Investors remain committed to property


Investors remain committed to property and the sector’s long-term benefits, despite of stricter lending conditions and property price bubbles and oversupply, according to the third annual Property Investment Professionals of Australia (PIPA) Property Investor Sentiment Survey.
The study, which surveyed 742 property investors, found that 70 per cent of respondents were of opinion that it was still good time to invest in property while 61 per cent declared they were looking to buy a property in the next six to 12 months.
By comparison, last year only 58 per cent of respondents said they had plans to purchase a property within the next few months.
Furthermore, the number of respondents who reported that concerns over changes to investor lending had an adverse impact on their ability to secure finance grew to 43 per cent from 32 per cent last year.
The survey also found that higher borrowing costs forced investors to hunt for a better deal, with more than 23 per cent saying that they would consider refinancing their loans for an interest rate differential of 0.5 percentage points.
According to the survey, only 15 per cent of investors put their buying plans on hold due to concerns around a property price bubble.

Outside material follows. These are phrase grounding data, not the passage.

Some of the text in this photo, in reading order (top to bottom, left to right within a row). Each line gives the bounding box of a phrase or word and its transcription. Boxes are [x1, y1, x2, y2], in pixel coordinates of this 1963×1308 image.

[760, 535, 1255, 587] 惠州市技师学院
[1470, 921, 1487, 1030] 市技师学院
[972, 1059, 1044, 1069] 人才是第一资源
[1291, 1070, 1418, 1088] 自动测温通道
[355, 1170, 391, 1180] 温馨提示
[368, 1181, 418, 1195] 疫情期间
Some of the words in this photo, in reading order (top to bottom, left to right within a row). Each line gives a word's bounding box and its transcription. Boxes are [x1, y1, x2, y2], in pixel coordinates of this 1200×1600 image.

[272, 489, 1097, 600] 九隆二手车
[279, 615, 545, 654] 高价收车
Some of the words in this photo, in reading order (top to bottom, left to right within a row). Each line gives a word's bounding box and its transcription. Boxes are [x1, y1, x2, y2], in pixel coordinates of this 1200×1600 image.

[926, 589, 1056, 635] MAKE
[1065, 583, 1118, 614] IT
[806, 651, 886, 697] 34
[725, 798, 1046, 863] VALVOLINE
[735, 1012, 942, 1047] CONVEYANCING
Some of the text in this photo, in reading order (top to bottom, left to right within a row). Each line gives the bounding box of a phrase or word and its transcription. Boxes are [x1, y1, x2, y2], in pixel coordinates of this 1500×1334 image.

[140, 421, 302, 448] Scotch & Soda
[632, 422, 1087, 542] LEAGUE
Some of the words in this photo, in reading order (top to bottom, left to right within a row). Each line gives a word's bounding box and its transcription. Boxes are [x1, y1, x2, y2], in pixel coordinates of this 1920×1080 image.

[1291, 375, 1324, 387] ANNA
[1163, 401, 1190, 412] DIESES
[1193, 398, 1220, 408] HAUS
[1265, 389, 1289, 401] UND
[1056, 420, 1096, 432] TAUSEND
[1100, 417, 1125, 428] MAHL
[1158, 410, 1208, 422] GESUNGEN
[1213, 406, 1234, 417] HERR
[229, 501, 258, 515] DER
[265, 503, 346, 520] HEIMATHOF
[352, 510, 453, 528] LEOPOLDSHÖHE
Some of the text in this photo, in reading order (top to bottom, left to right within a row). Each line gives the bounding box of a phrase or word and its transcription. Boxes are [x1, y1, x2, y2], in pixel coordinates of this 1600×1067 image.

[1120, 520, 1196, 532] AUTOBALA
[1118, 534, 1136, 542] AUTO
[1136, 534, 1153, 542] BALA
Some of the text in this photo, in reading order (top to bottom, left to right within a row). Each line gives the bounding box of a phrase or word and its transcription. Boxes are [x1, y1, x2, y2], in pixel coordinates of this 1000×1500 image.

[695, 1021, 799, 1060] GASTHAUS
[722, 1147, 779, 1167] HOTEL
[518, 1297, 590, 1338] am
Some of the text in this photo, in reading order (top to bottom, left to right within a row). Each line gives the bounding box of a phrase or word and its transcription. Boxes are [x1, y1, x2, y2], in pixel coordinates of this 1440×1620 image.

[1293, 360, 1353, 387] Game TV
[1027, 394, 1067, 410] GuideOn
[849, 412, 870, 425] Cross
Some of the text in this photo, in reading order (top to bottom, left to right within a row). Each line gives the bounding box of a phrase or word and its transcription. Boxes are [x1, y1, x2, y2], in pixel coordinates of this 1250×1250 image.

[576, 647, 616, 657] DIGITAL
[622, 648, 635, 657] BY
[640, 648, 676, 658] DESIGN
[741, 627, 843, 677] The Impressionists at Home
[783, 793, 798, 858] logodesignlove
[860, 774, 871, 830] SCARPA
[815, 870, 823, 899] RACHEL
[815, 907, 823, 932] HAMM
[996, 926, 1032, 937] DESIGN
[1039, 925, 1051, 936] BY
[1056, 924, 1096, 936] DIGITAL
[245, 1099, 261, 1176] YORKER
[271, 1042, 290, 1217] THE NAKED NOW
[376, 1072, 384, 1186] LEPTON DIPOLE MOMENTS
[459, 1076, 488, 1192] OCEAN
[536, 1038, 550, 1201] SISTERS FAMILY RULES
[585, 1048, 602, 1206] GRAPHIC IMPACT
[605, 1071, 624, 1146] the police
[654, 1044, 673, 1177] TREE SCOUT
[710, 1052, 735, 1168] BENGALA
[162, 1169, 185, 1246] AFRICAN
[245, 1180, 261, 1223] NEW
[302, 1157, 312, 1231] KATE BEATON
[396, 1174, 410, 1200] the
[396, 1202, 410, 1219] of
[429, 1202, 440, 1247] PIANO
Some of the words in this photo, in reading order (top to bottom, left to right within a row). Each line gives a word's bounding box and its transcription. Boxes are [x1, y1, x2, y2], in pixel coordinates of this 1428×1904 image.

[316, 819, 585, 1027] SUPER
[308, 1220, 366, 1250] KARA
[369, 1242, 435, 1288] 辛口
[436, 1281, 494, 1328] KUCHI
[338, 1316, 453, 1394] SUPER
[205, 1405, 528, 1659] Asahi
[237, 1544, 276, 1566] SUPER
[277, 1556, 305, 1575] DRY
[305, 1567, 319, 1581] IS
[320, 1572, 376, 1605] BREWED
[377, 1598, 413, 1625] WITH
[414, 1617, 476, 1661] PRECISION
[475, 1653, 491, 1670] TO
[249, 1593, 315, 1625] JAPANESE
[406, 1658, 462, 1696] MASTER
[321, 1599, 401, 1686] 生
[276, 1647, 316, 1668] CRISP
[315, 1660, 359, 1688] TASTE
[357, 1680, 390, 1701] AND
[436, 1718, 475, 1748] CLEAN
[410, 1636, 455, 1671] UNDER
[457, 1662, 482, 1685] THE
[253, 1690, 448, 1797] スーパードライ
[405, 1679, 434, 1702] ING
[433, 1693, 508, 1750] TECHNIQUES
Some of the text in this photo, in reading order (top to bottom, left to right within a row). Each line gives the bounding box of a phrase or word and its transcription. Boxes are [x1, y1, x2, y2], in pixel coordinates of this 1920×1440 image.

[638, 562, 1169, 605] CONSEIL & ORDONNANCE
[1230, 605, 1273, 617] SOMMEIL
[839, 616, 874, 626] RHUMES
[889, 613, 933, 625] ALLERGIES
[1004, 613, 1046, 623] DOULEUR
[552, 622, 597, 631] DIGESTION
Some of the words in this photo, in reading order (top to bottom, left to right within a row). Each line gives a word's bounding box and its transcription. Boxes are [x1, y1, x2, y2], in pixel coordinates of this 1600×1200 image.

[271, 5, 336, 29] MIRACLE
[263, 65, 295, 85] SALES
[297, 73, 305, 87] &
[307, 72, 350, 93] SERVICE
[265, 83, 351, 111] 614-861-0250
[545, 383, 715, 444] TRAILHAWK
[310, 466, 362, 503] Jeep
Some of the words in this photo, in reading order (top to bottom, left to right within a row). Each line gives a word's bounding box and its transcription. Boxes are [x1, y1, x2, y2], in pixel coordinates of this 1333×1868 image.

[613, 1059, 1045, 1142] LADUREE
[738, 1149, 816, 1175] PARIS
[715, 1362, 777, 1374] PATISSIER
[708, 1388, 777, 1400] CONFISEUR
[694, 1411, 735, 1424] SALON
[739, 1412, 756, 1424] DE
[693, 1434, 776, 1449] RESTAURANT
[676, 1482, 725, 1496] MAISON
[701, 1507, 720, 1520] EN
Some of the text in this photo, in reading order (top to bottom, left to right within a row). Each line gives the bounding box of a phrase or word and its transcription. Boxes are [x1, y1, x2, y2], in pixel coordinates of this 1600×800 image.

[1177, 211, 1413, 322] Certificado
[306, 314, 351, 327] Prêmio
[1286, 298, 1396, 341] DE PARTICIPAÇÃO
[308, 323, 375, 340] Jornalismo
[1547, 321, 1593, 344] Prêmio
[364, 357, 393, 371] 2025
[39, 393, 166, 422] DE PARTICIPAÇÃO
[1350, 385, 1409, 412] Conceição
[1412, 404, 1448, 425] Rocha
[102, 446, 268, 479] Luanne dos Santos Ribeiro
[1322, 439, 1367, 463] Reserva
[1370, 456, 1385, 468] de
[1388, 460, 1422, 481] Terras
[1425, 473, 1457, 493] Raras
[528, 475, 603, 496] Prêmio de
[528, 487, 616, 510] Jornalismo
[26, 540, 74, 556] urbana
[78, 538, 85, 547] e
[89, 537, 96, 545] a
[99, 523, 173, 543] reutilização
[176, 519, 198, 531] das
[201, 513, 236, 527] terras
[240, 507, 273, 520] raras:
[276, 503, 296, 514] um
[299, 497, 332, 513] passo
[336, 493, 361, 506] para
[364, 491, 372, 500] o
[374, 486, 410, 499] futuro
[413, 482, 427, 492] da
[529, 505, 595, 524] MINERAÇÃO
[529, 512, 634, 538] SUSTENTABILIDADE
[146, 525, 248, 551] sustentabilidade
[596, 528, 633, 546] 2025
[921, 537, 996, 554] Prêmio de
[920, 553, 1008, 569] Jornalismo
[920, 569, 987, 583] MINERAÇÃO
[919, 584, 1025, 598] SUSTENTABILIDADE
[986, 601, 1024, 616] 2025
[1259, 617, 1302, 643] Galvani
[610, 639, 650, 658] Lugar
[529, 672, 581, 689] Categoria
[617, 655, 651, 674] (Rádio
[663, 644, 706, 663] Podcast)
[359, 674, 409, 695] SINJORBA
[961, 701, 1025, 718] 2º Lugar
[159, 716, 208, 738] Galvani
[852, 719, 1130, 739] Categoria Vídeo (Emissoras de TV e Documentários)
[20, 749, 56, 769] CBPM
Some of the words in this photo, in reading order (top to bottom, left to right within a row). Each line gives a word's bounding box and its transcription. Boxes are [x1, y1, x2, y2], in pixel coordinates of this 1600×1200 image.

Also, for 14 per cent of respondents the speculation around negative gearing and capital gains tax changes would be the reason to rethink their buying plans.
PIPA chair Ben Kingsley said: “It has been an eventful time for residential property investors since we published our last survey in 2016.
“Similarto last year, most property investors are looking past short-term challenges and are remaining focused on the long-term wealth benefits that are available from residential real estate.”
Brisbane remained its top position as the most preferred destination for property investors, although it had lost some appeal and saw the proportion of investors favouring it falling from 49 to 43 per cent over the past year.
According to the survey, Brisbane was followed by Melbourne (32 per cent) and Sydney (7.8 per cent).